Your output must reproduce all the records below precisely and contain no pictures.

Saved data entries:
════════════════════

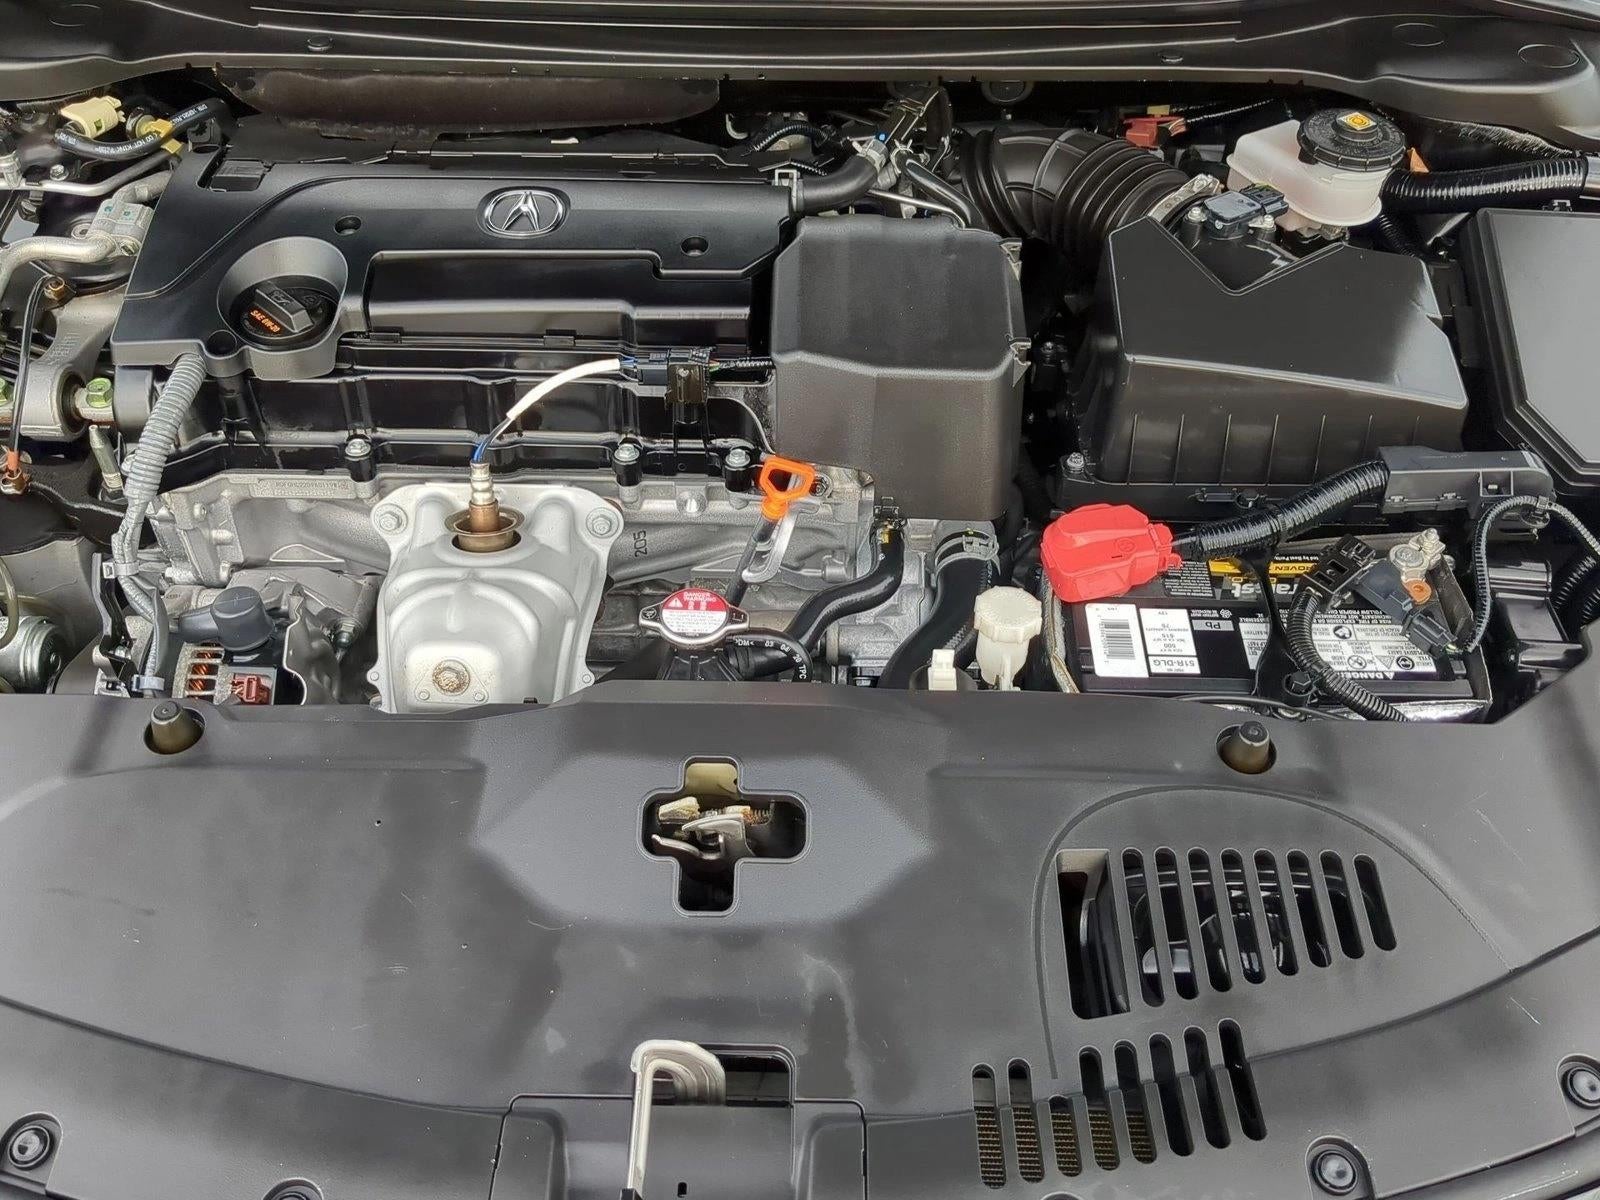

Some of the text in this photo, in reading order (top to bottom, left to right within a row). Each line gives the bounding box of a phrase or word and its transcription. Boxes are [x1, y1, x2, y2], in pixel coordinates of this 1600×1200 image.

[250, 310, 266, 321] SAE
[633, 530, 647, 557] 205
[1204, 621, 1222, 629] Pb
[1152, 659, 1195, 667] 51R-DLG

════════════════════

_Response to this task:_
Some of the text in this photo, in reading order (top to bottom, left to right within a row). Each line gives the bounding box of a phrase or word and its transcription. Boxes are [x1, y1, x2, y2], in pixel coordinates of this 1600×1200 image.

[250, 310, 266, 321] SAE
[633, 530, 647, 557] 205
[1204, 621, 1222, 629] Pb
[1152, 659, 1195, 667] 51R-DLG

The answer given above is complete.